Menswear is a dearth wasteland of boring nothingness but when you’re a plus size guy going clothes shopping… it’s more like a hellscape of polyester tropical prints, jorts, and too-short shirts. My poor large husband, sweet precious Nick, has been so traumatised by shopping for clothes over the years that he fears he’ll never be fancy. You might say, “but Natalie, you can sew!” Yep, I can… but where are the sewing patterns for larger plus size men? I will tell you my friend, they don’t exist outside of a crew neck t-shirt! In fact, I’m clinging to a heavily altered discontinued Simplicity pattern for his button up shirts so it’s no great surprise to me that I couldn’t find a polo shirt that went up to his size.
When we discovered that Bad Rhino, his now former polo shirt source, had discontinued the extra tall range of polos – we panicked. Nick prefers the extra length because, for whatever confounding reason, manufacturers grade up for width but not for the belly that drops down over the belt. He’s always tugging at his shirt and feeling uncomfortable. A few weeks ago I had a teary rant on facebook about being unable to find him polo shirts, in ready to wear or sewing patterns, and came down to the uncomfortable realisation that I’d have to sacrifice one of his well-fitting polos for the cause.

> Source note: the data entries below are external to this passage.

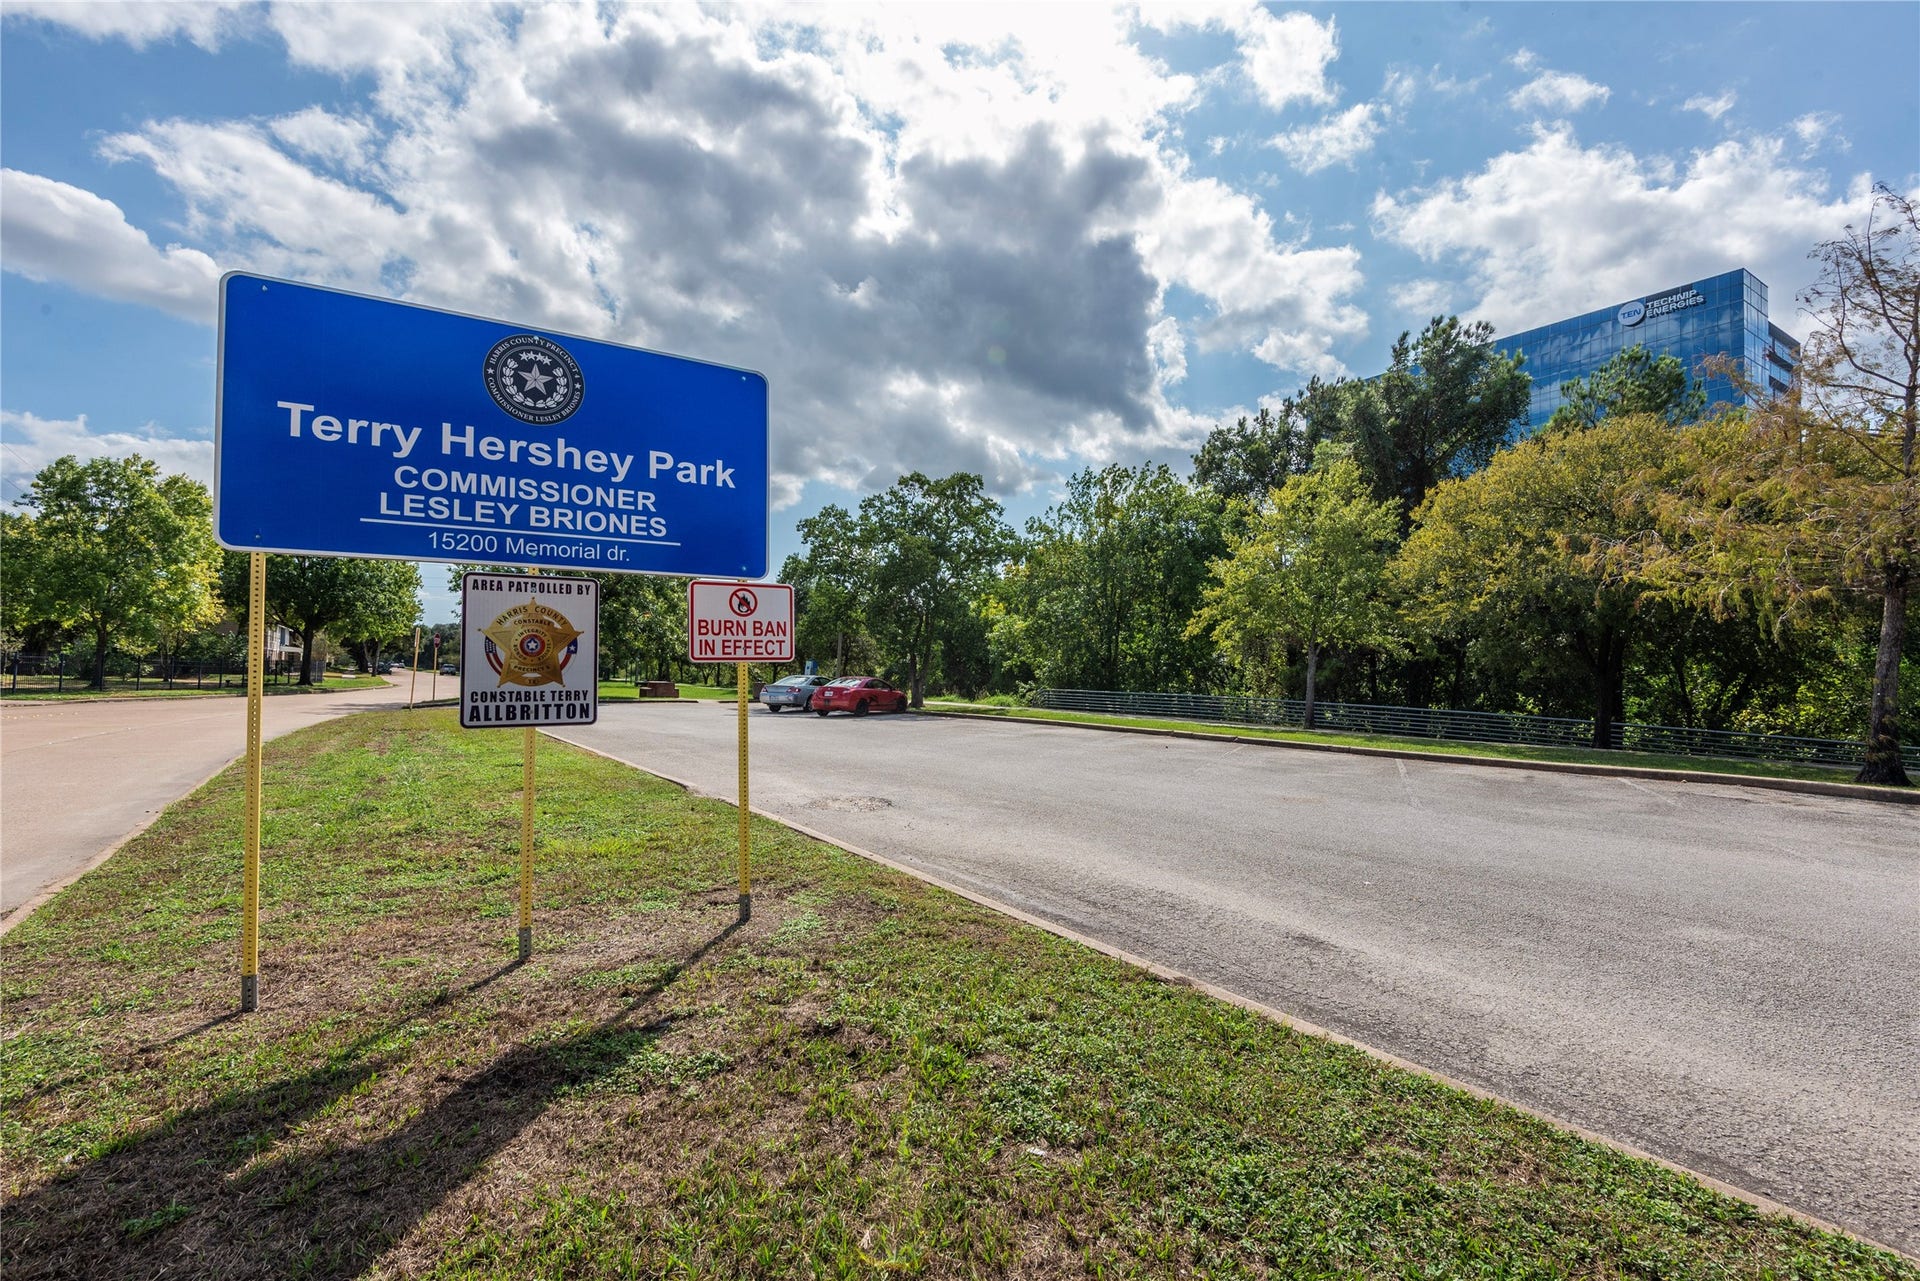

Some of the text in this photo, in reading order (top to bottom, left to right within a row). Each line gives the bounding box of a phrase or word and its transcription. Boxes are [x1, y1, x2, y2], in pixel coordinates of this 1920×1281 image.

[1646, 289, 1697, 308] TECHNIP
[1646, 295, 1704, 317] ENERGIES
[490, 342, 510, 365] HARRIS
[510, 336, 546, 346] COUNTY
[546, 342, 579, 374] PRECINCT
[488, 377, 581, 422] COMMISSIONER LESLEY BRIONES
[277, 400, 736, 488] Terry Hershey Park
[394, 466, 656, 512] COMMISSIONER
[380, 492, 667, 537] LESLEY BRIONES
[428, 532, 630, 562] 15200 Memorial dr.
[472, 579, 591, 596] AREA PATROLLED BY
[496, 606, 568, 626] HARRIS COUNTY
[698, 619, 788, 637] BURN BAN
[699, 639, 786, 656] IN EFFECT
[470, 690, 588, 702] CONSTABLE TERRY
[469, 703, 590, 722] ALLBRITTON

I carefully cut along the seams and took a pattern but was slightly worried when it came to the collar and placket. His ready to wear polos all have a rib collar but finding a pre-cut rib collar in the appropriate width was going to be nigh on impossible and I didn’t feel like cutting actual rib and ending up with a daggy result. What I did was cut two of my fashion fabric and interfaced the top piece, just like I do with his button up shirts. For the placket I followed this fantastic step by step polo shirt construction video. My first placket was a bit iffy but of course, practice makes… a very loose interpretation of perfect.

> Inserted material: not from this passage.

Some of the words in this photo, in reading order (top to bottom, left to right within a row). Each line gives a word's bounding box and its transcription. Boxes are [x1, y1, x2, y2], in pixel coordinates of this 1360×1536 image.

I decided to jump on in to the polo shirt project with this lovely rugby stripe knit from The Remnant Warehouse. The white collar and cuffs are a pique knit also from TRW. See how the placket isn’t quite… right? The white totally highlights the flaws but of course, I’m being picky! The curved front hem gives more belly coverage but is plainly evident when a striped fabric is used. We are just not going to discuss it though, are we? Nor will we talk about the mismatched stripe at the sleeve!
Speaking of sleeves, the sleeve cap had a mystifying amount of ease in it despite my faithful replication of the original polo. I tried to reduce that ease but it was challenging because I wanted to retain the width of the sleeve but not the height. By the last shirt I managed to get the ease down to a few centimetres but people need to know just how flat the sleeve head can be in larger plus size garments. If you’re expecting one of those lovely arched pattern pieces you need to adjust your expectations for larger plus sizes.
The second shirt was undertaken with a wealth of knowledge gathered up from my first attempt. I moved the placket slice over a wee bit to account for the turning of the fabric and thusly it is more centred. Horay! This dachshund print is totally adorable but it’s a cotton jersey from Spotlight and the quality isn’t my favourite. Such a shame. This polo is Nick’s new “lucky shirt” because he successfully interviewed for a new job in it! (Yay for tech start ups that embrace quirky casual!)
The final shirt (for now!) is made from this absolutely brilliant navy pique from TRW, and I went for all navy on the cuffs and collars too. It’s boring but it’s my favourite. By this stage I’d almost nailed the placket and flattened the sleeve cap. I did make one boo boo – I sewed the underneath collar piece on so that the wrong side faced outwards; but no one will ever know because Nick never pops his collar.
I have two more lengths of fabric for another couple of shirts, this time in sky blue and kelly green. I plan on swapping the cuffs and collars on these for some contrasting fun. Then I’ve got a bunch of remnants so I might do some colour blocking. Nick’s pretty easy going and all he really ever wants is to feel comfortable and casual.
My dream is for size inclusive pattern companies to start bringing out some patterns for larger plus size menswear. The sewing pattern game is chock full of womenswear, but even when it comes to straight-sized menswear there’s a real lack of imagination. If I knew how to properly draft and grade (instead of my hodge podge attempts over the years) I would do it myself!